**Task requirements**
Each line from the one containing "this 1900×1425 image." through the final line of the data below must be repeated exactly.

**Saved data entries**
+++

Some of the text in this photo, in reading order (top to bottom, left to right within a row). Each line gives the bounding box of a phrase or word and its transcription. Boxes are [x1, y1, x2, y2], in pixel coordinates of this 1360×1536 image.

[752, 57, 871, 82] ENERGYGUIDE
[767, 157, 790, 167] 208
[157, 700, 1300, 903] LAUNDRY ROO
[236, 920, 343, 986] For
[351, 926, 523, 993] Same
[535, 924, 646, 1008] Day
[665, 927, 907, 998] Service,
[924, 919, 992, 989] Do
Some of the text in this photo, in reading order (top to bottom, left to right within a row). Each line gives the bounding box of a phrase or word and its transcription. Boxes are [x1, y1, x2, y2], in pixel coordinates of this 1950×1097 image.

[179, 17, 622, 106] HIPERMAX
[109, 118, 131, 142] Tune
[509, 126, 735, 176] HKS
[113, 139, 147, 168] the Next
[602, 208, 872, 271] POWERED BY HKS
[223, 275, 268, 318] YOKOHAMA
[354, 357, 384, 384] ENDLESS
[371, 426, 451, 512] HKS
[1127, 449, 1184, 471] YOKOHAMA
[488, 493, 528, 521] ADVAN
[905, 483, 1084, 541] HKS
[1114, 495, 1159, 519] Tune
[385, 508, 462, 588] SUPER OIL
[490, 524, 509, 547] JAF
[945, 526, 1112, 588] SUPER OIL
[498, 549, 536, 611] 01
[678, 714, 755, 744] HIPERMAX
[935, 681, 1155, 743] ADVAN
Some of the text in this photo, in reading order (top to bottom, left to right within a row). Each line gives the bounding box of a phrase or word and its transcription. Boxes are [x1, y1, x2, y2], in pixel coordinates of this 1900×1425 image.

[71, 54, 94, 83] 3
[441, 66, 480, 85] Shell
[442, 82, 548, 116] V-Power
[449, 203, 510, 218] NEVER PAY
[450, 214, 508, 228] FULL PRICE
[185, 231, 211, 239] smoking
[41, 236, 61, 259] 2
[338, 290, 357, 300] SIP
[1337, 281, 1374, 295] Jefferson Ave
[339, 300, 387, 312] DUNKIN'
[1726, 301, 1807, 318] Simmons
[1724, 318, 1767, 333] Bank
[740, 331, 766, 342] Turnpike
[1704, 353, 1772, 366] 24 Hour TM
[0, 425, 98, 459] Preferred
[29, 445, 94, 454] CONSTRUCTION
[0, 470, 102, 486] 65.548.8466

+++

**Answer space**
Some of the text in this photo, in reading order (top to bottom, left to right within a row). Each line gives the bounding box of a phrase or word and its transcription. Boxes are [x1, y1, x2, y2], in pixel coordinates of this 1900×1425 image.

[71, 54, 94, 83] 3
[441, 66, 480, 85] Shell
[442, 82, 548, 116] V-Power
[449, 203, 510, 218] NEVER PAY
[450, 214, 508, 228] FULL PRICE
[185, 231, 211, 239] smoking
[41, 236, 61, 259] 2
[338, 290, 357, 300] SIP
[1337, 281, 1374, 295] Jefferson Ave
[339, 300, 387, 312] DUNKIN'
[1726, 301, 1807, 318] Simmons
[1724, 318, 1767, 333] Bank
[740, 331, 766, 342] Turnpike
[1704, 353, 1772, 366] 24 Hour TM
[0, 425, 98, 459] Preferred
[29, 445, 94, 454] CONSTRUCTION
[0, 470, 102, 486] 65.548.8466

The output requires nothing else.